Research that is unraveling the mechanisms of alcohol dependence is proceeding full steam ahead, thanks to a $1.7 million National Institutes of Health (NIH) MERIT award extension grant recently received by Maharaj K. Ticku, Ph.D., professor of pharmacology and psychiatry at the Health Science Center.
MERIT stands for Method to Extend Research In Time. MERIT awards provide long-term, stable support to investigators whose research competence and productivity are distinctly superior and who are likely to continue to perform in an outstanding manner. It is an honor bestowed on only the top 1 percent of scientists in the nation.
Dr. Ticku and his team study the NMDA gene, on which an important brain chemical (glutamate) works. This gene is involved on one hand in memory and learning, but too much activation can lead to cell death. This neuronal damage results in memory loss associated with alcohol use, dependence on continued alcohol consumption, and withdrawal seizures.

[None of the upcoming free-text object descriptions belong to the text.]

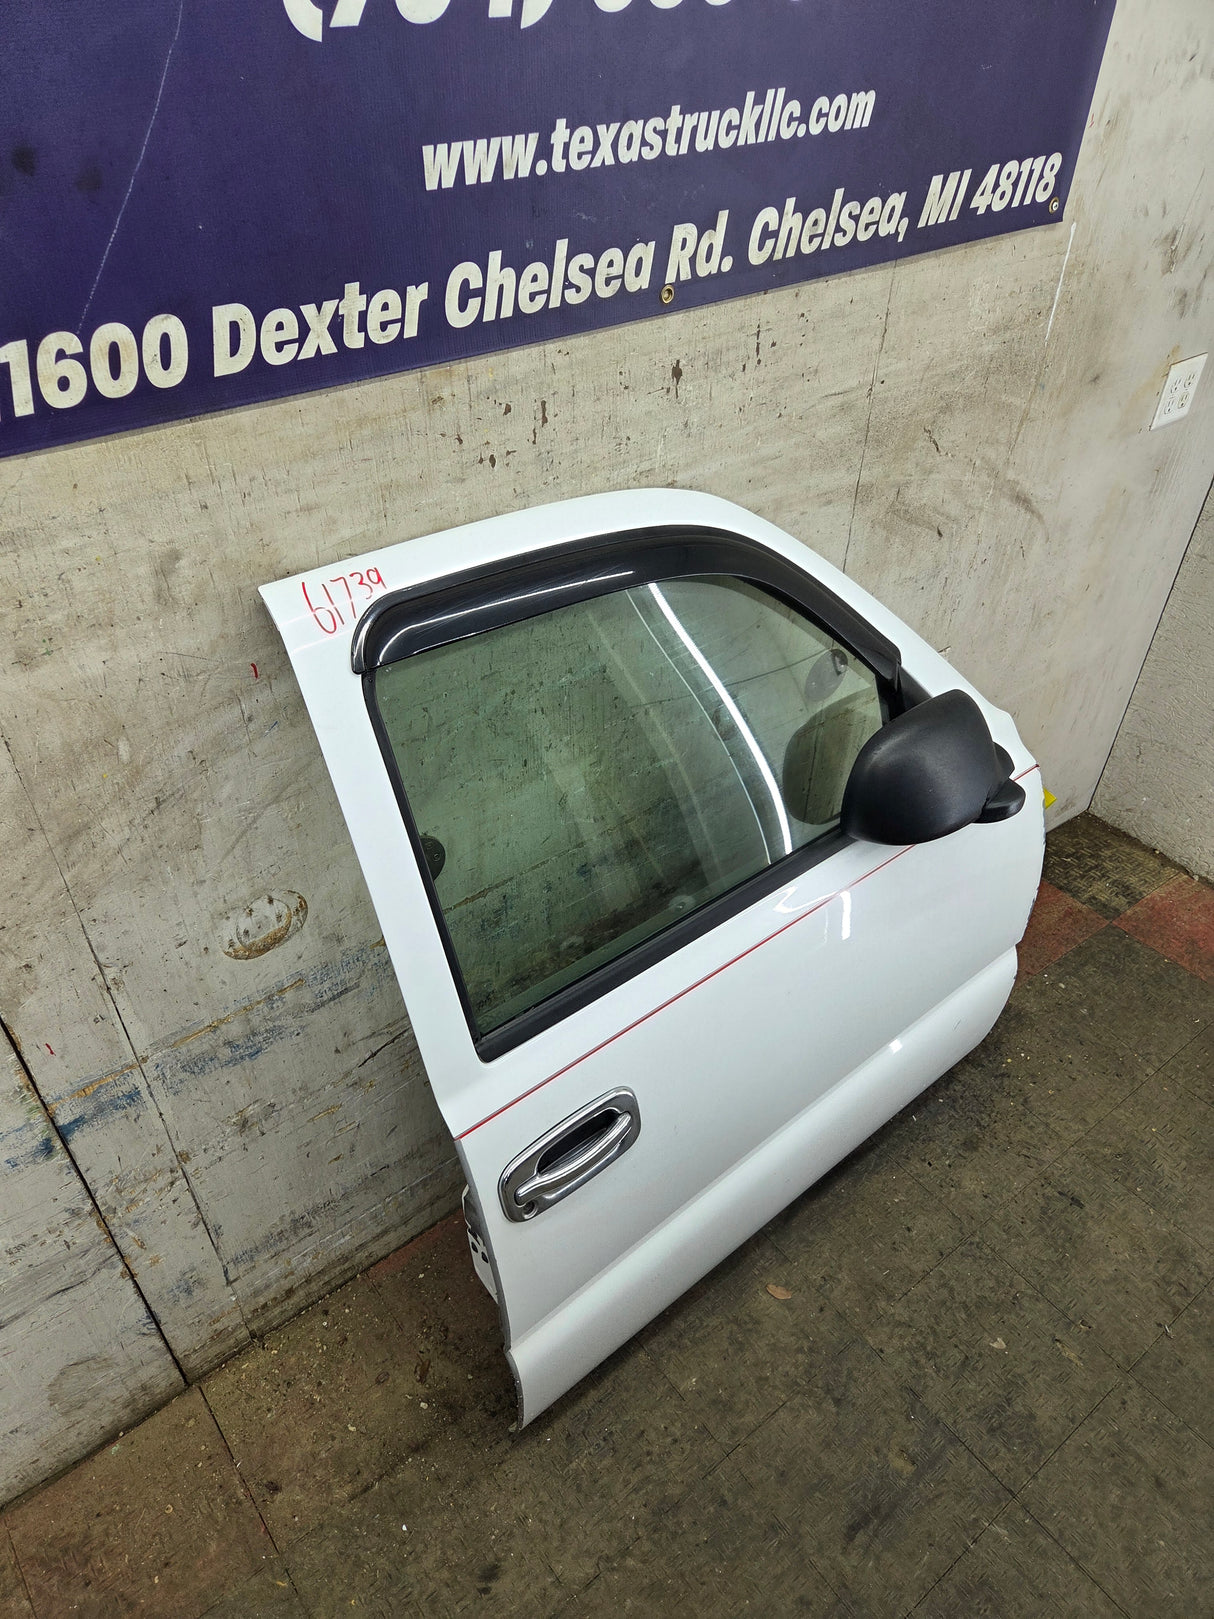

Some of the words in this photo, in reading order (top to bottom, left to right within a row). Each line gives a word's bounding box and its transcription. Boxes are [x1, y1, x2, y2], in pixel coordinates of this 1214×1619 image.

[422, 88, 876, 191] www.texastruckllc.com
[212, 282, 430, 378] Dexter
[444, 238, 656, 330] Chelsea
[665, 210, 733, 286] Rd.
[748, 187, 908, 272] Chelsea,
[917, 171, 973, 229] MI
[971, 152, 1063, 216] 48118
[302, 567, 388, 634] 61739
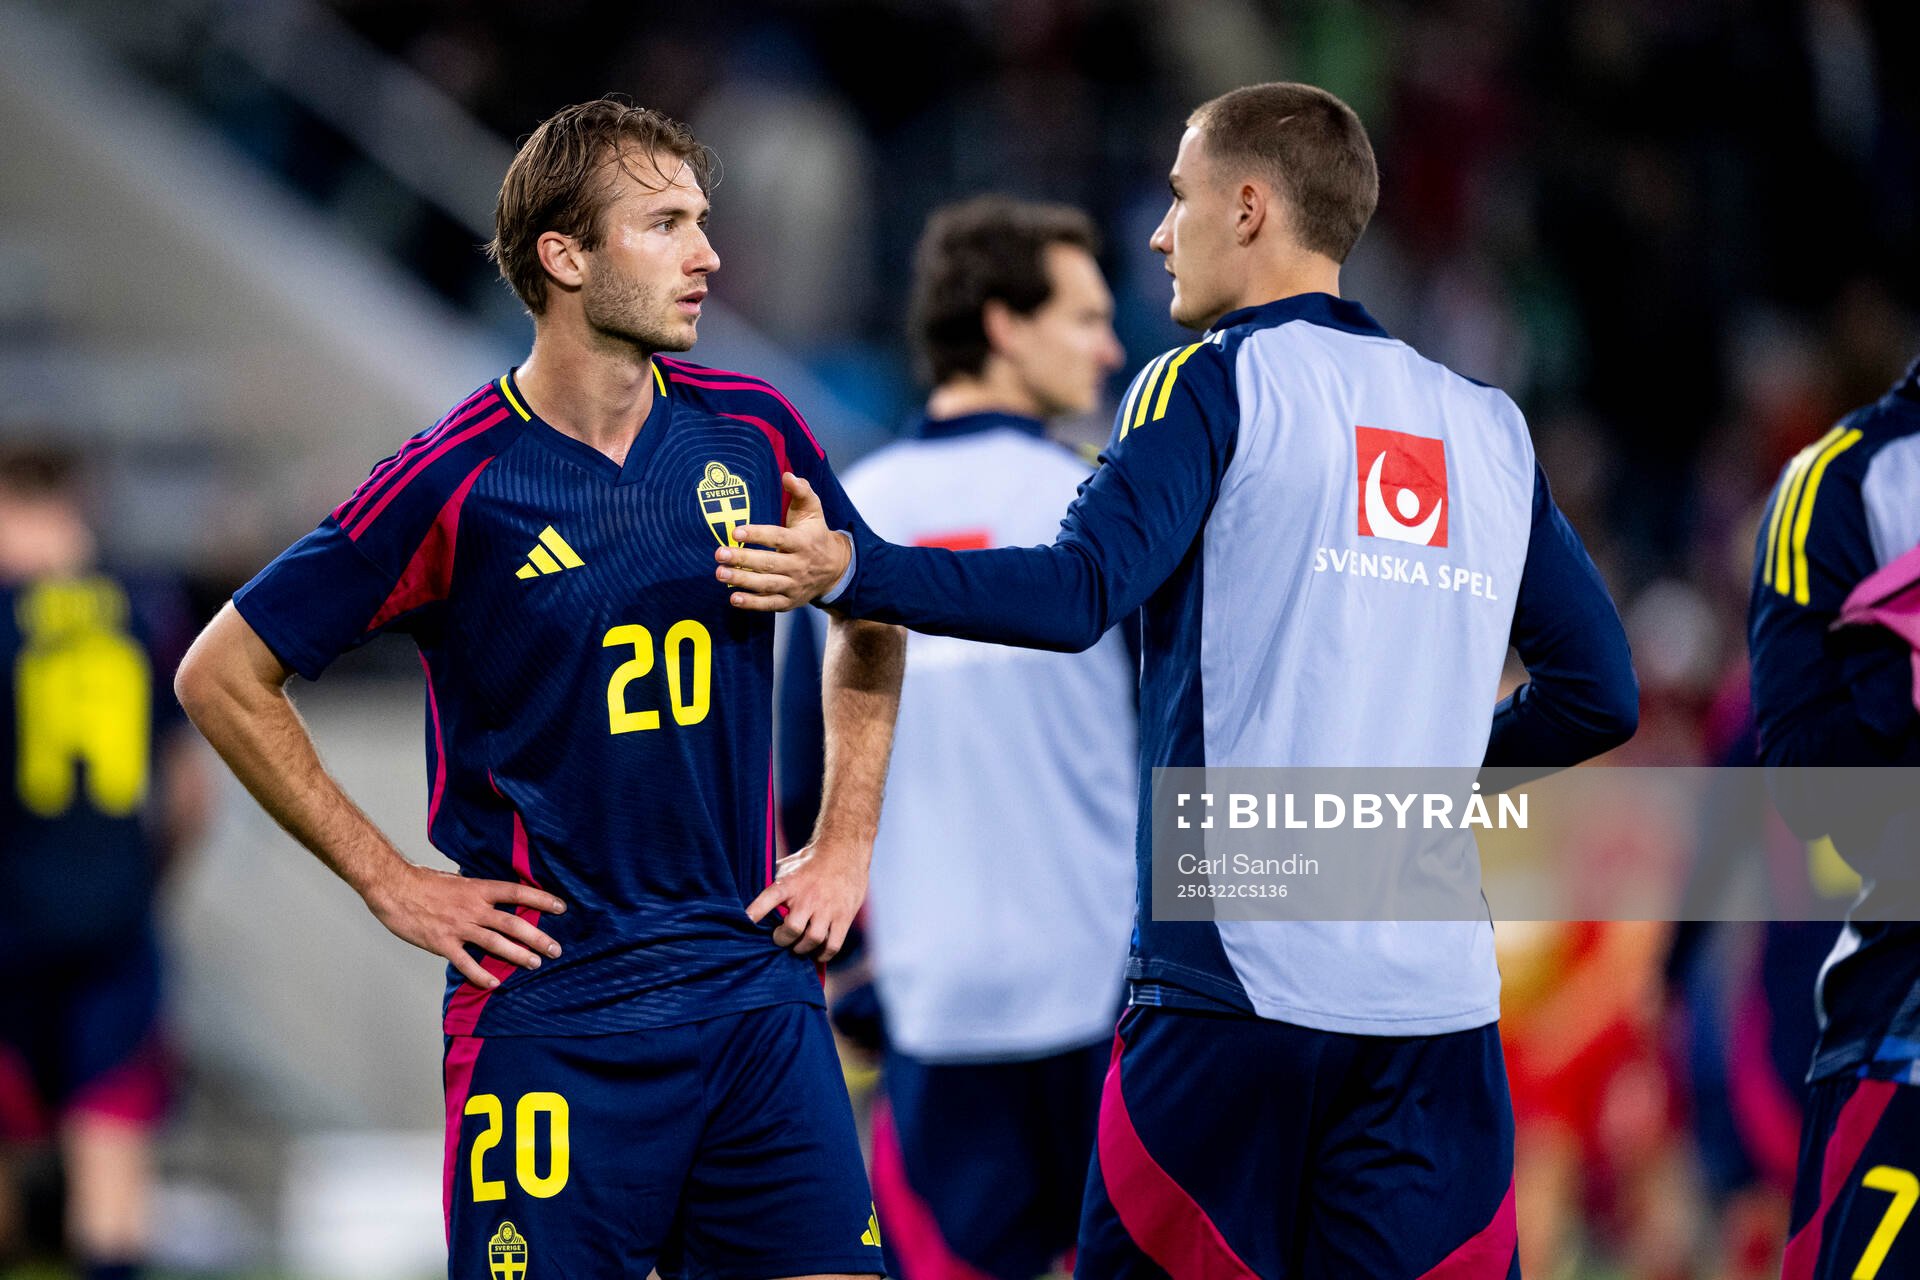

“In a very novel finding, we have narrowed the list of regulators that are turning this gene on and off,” Dr. Ticku said.
In the journal Molecular Pharmacology, Dr. Ticku and colleagues report that a genetic “code reader” called neuron-restrictive silencer factor slows down the activity of the NMDA gene, while another code reader, cyclic AMP response-building protein, speeds it up.
“We have one transcription factor that increases expression of the NMDA gene, and one that decreases it,” Dr. Ticku said. “This has profound implications for future research.”
Dr. Ticku, who joined the Health Science Center faculty in 1978, is continuously funded by multiple grants from many NIH institutes, include the National Institute of Neurological Disorders and Stroke (NINDS), the National Institute on Alcohol Abuse and Alcoholism (NIAAA), and the National Institute on Drug Abuse (NIDA).